• _Material shown_:

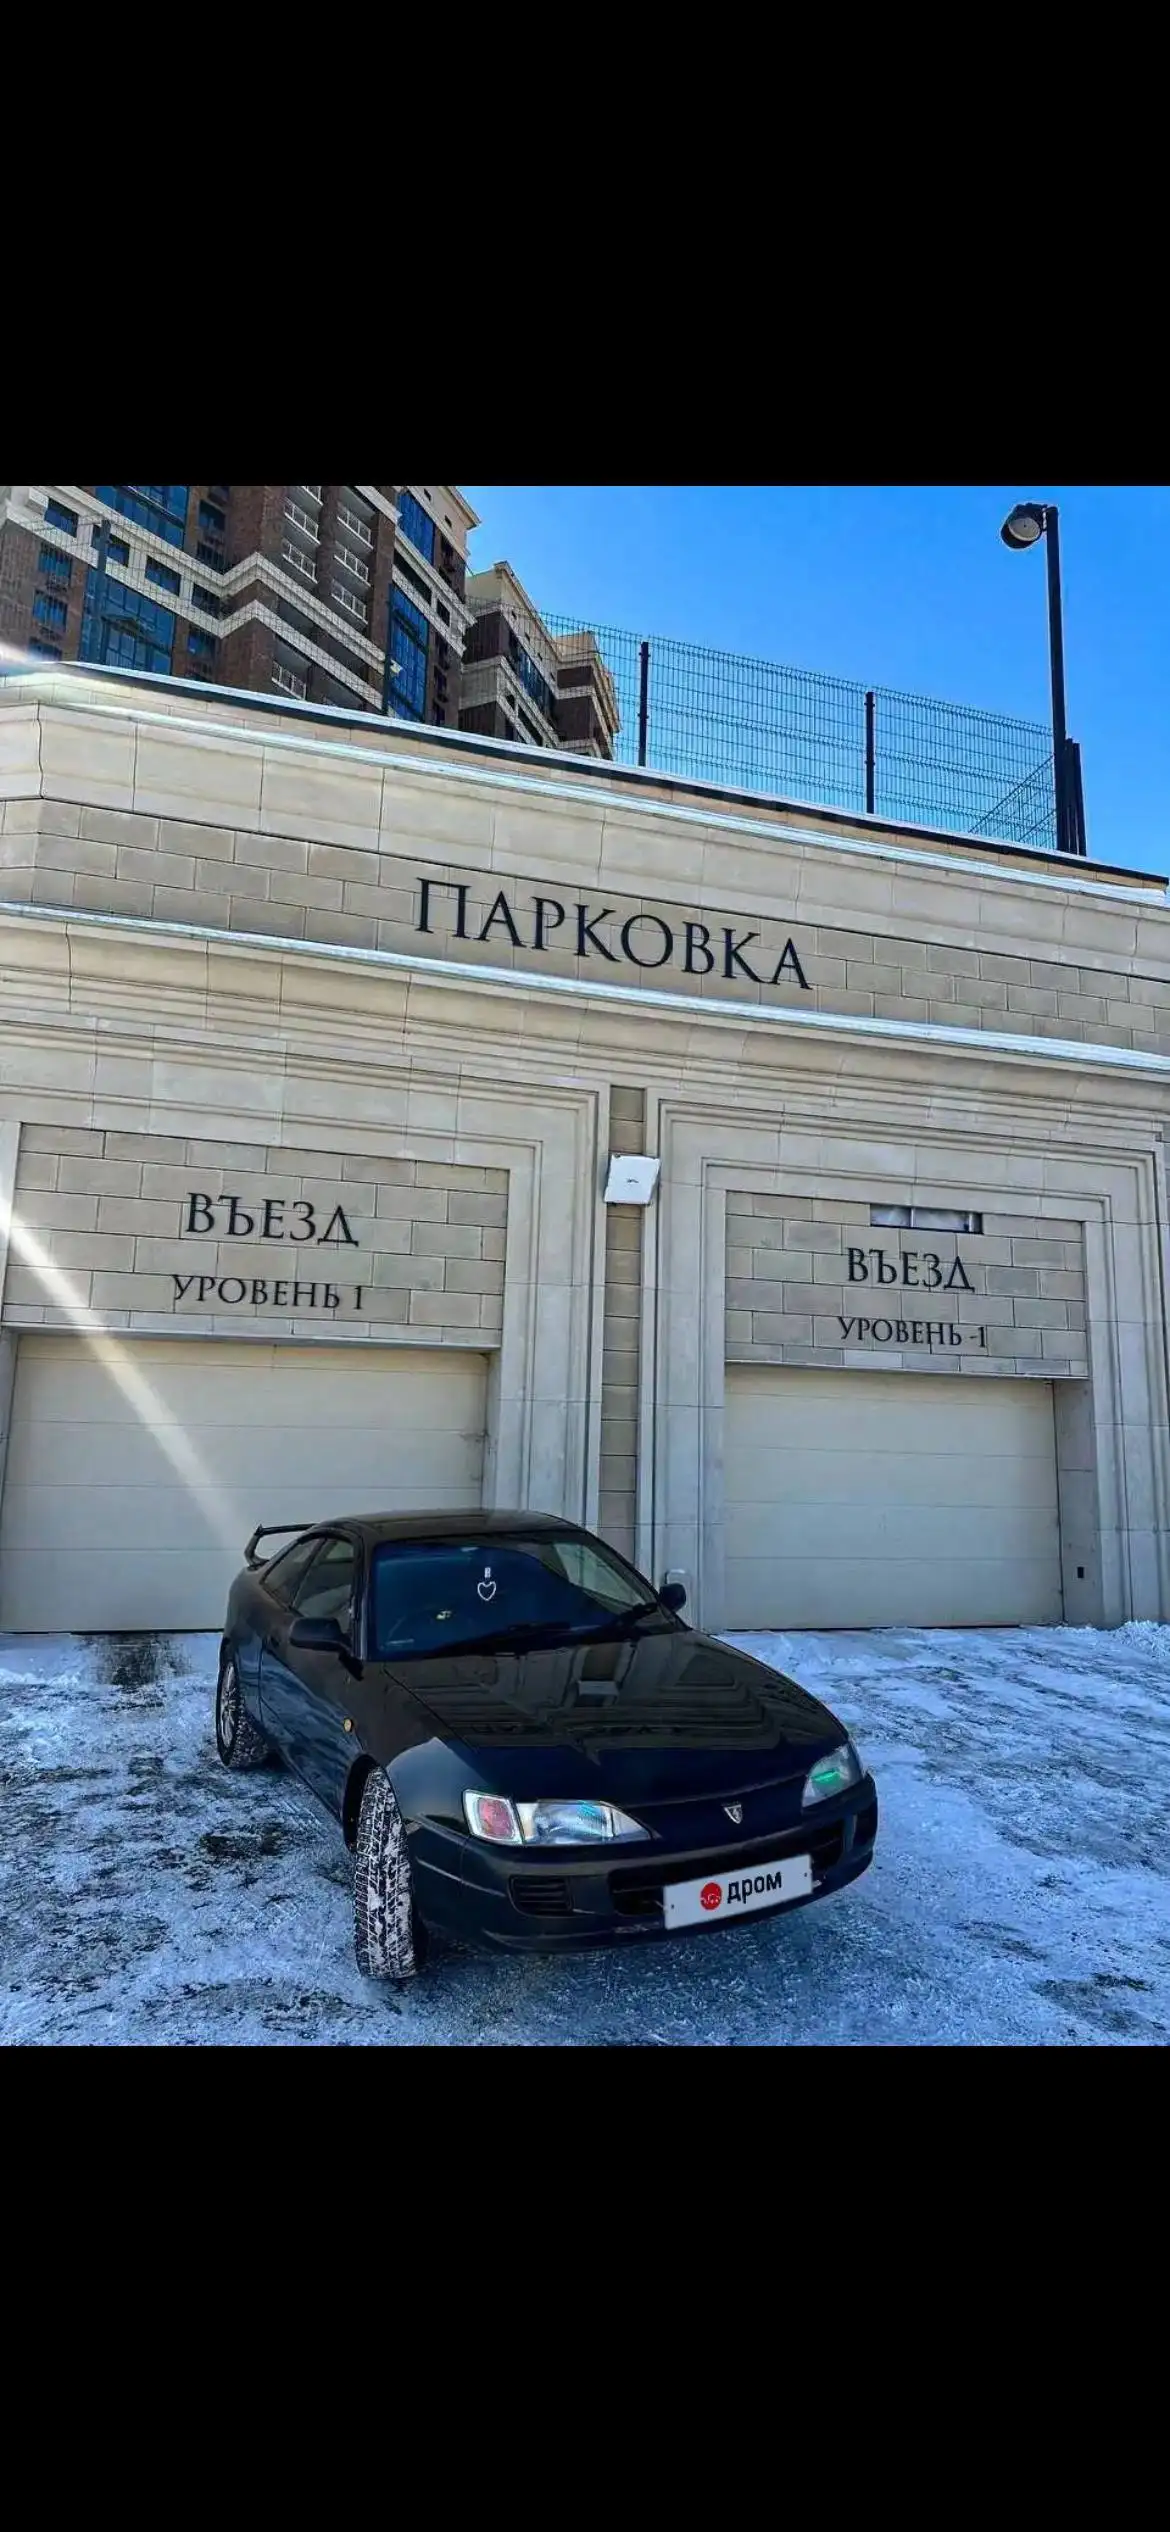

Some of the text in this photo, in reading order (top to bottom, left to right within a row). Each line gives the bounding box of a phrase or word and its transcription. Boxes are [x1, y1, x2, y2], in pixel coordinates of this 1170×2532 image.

[415, 877, 813, 990] ПАРКОВКА
[186, 1192, 359, 1247] ВЪЕЗД
[172, 1274, 362, 1310] УРОВЕНЬ 1
[846, 1247, 975, 1293] ВЪЕЗД
[837, 1316, 986, 1348] УРОВЕНЬ -1

• _Required action_: Line by line, write out the records above exactly, skipping the pictures.

• _Reply to the task_:
Some of the text in this photo, in reading order (top to bottom, left to right within a row). Each line gives the bounding box of a phrase or word and its transcription. Boxes are [x1, y1, x2, y2], in pixel coordinates of this 1170×2532 image.

[415, 877, 813, 990] ПАРКОВКА
[186, 1192, 359, 1247] ВЪЕЗД
[172, 1274, 362, 1310] УРОВЕНЬ 1
[846, 1247, 975, 1293] ВЪЕЗД
[837, 1316, 986, 1348] УРОВЕНЬ -1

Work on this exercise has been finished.